→ **Assigned task**
In the records that follow, skip the pictures and print everything else exactly.

= = =

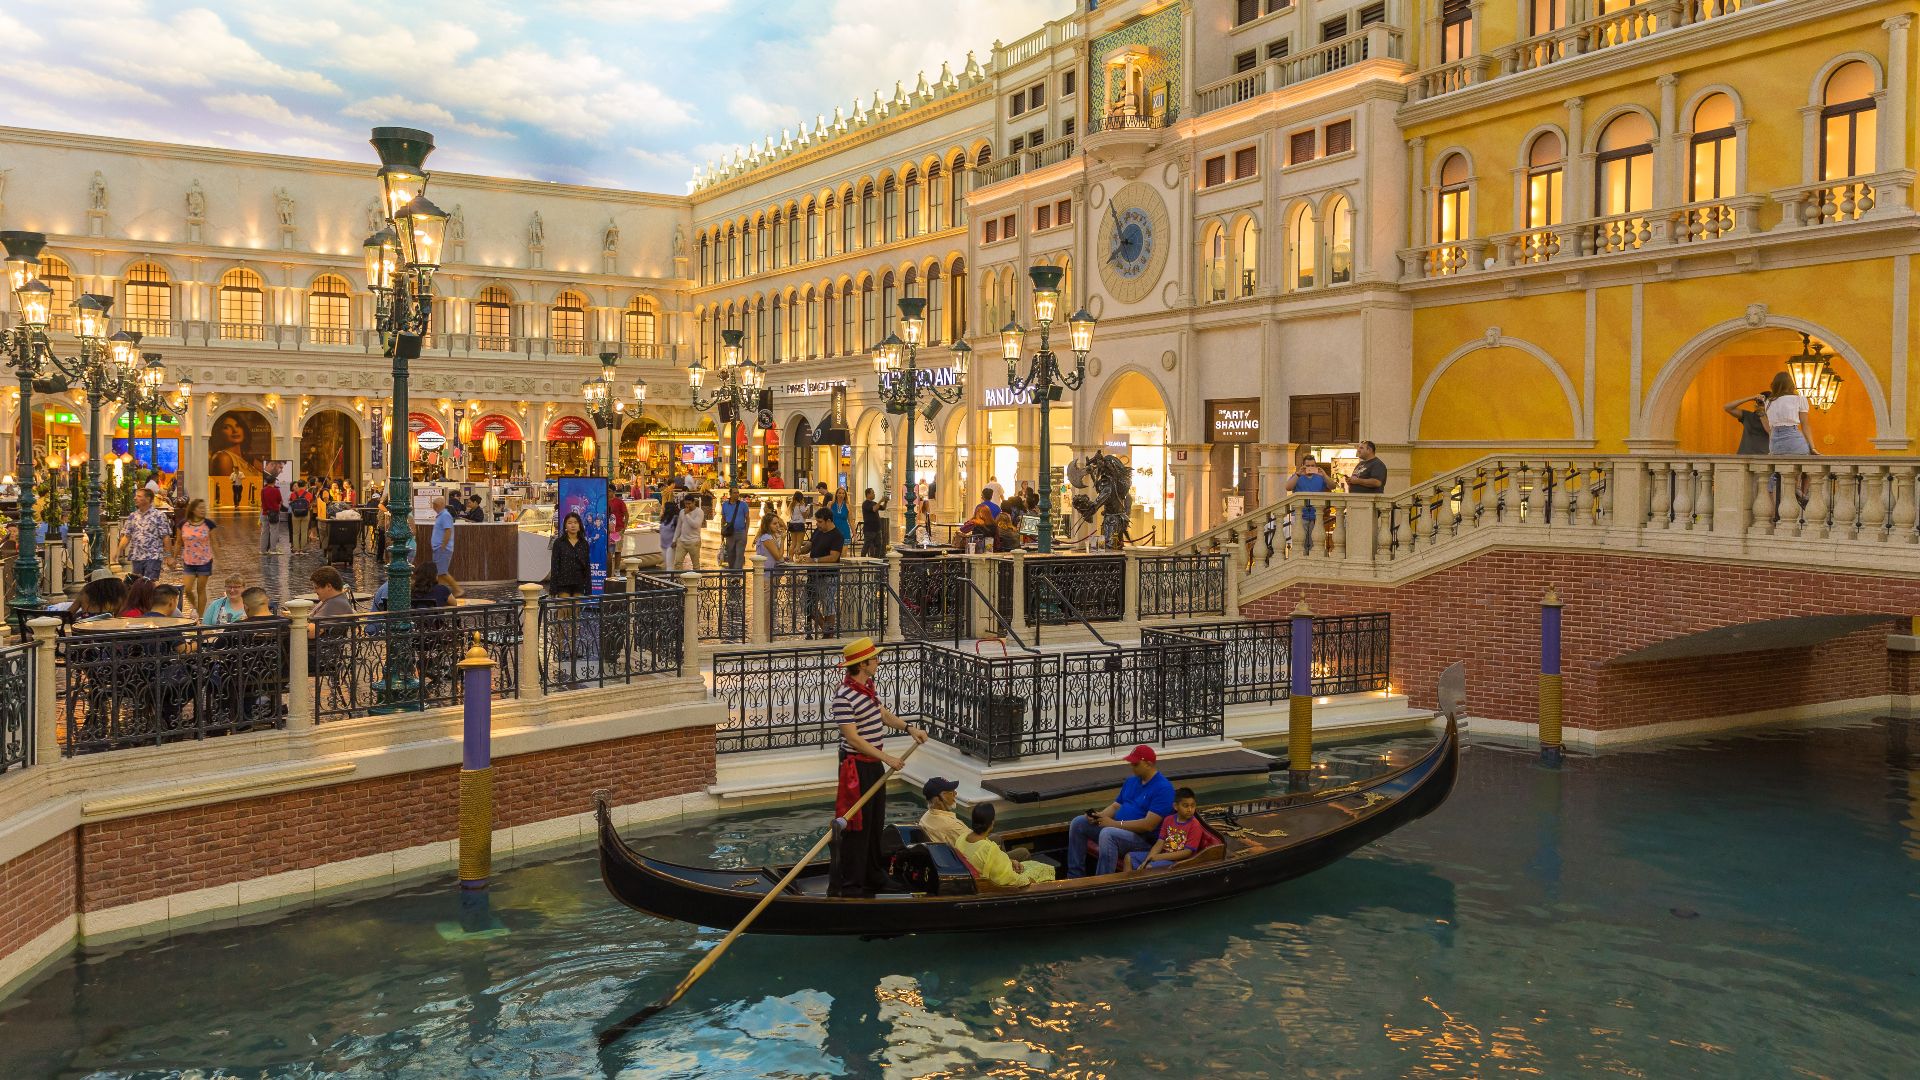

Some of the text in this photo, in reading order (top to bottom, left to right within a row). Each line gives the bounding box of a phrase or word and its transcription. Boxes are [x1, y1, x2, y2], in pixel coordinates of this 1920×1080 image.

[786, 383, 806, 394] PARIS
[985, 385, 1036, 406] PANDOR
[1224, 410, 1245, 420] ART
[1215, 419, 1259, 430] SHAVING
[914, 459, 934, 468] ALEX
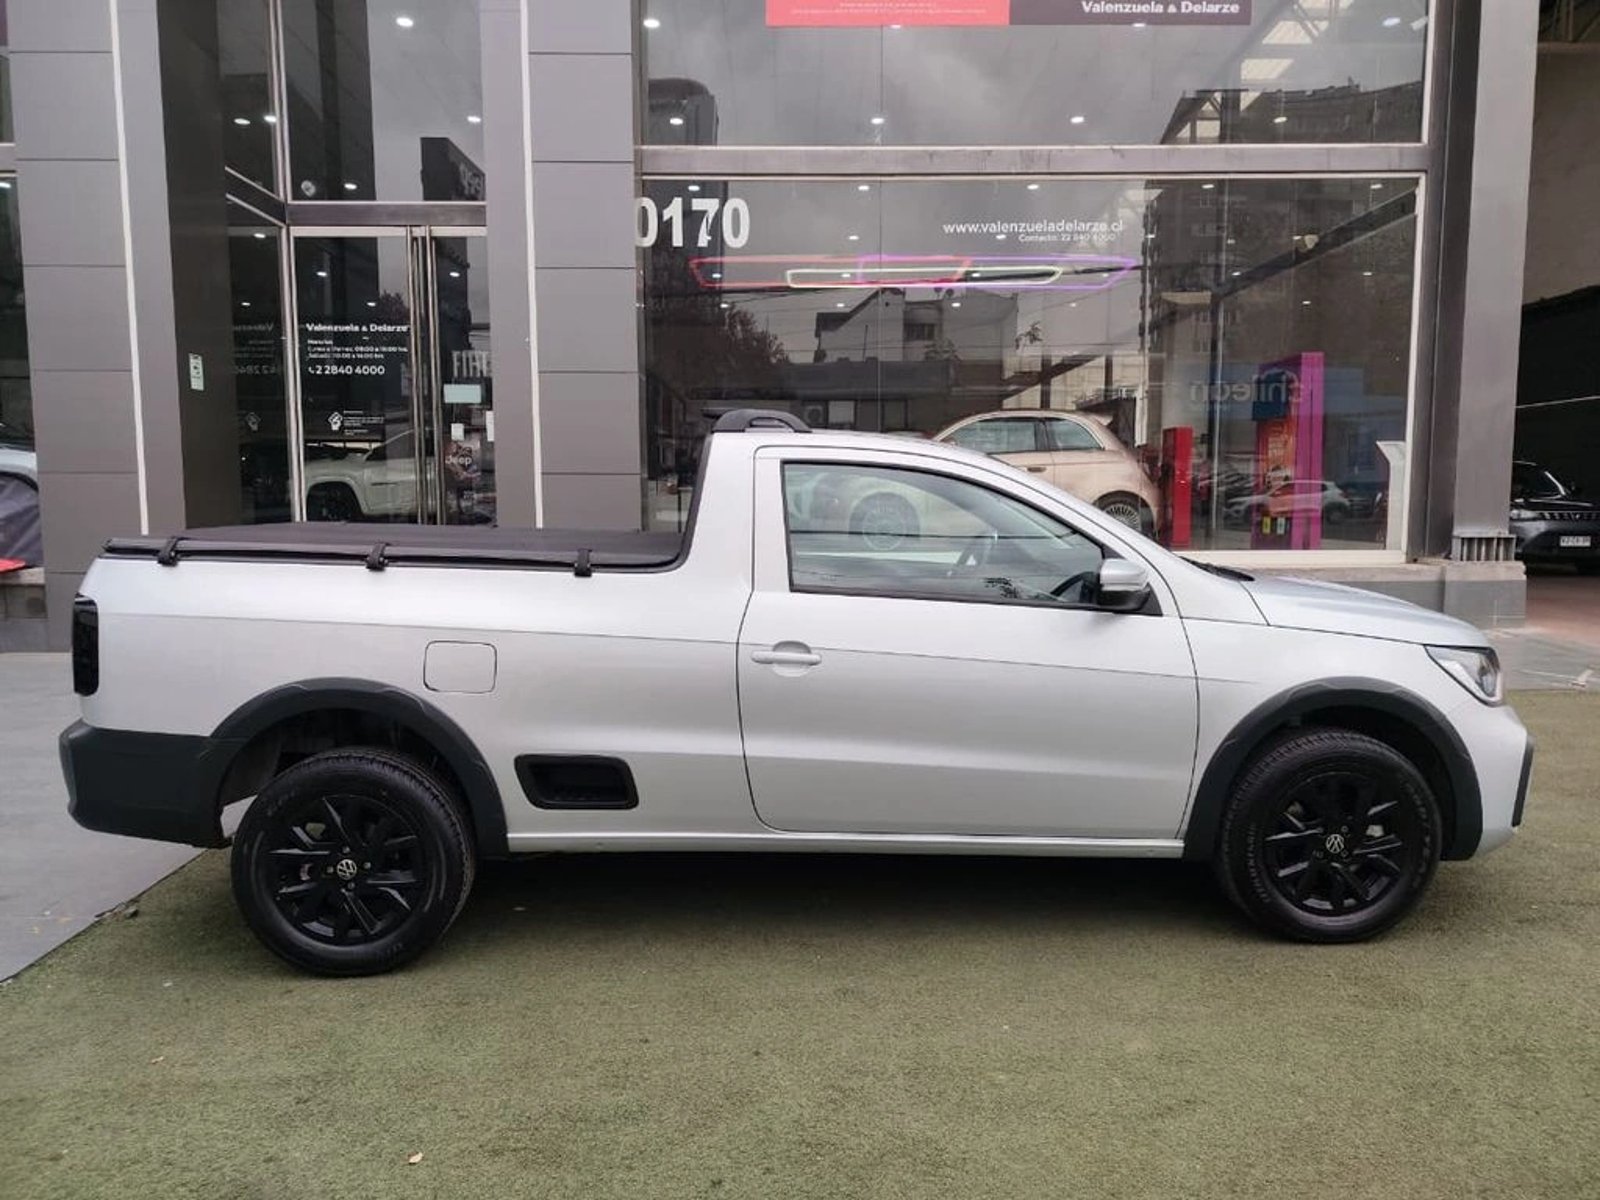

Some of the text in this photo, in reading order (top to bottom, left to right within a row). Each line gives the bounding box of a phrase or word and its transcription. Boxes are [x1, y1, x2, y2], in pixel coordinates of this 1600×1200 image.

[1081, 0, 1240, 14] Valenzuela & Delarze
[634, 196, 751, 249] 0170
[942, 219, 1123, 235] www.valenzueladelarze.cl
[305, 323, 360, 332] Valenzuela
[369, 323, 409, 332] Delarze
[315, 365, 386, 375] 2 2840 4000
[451, 349, 489, 378] FIAT
[444, 454, 473, 468] Jeep

= = =

→ **Worked solution**
Some of the text in this photo, in reading order (top to bottom, left to right within a row). Each line gives the bounding box of a phrase or word and its transcription. Boxes are [x1, y1, x2, y2], in pixel coordinates of this 1920×1080 image.

[786, 383, 806, 394] PARIS
[985, 385, 1036, 406] PANDOR
[1224, 410, 1245, 420] ART
[1215, 419, 1259, 430] SHAVING
[914, 459, 934, 468] ALEX

Some of the text in this photo, in reading order (top to bottom, left to right within a row). Each line gives the bounding box of a phrase or word and its transcription. Boxes are [x1, y1, x2, y2], in pixel coordinates of this 1600×1200 image.

[1081, 0, 1240, 14] Valenzuela & Delarze
[634, 196, 751, 249] 0170
[942, 219, 1123, 235] www.valenzueladelarze.cl
[305, 323, 360, 332] Valenzuela
[369, 323, 409, 332] Delarze
[315, 365, 386, 375] 2 2840 4000
[451, 349, 489, 378] FIAT
[444, 454, 473, 468] Jeep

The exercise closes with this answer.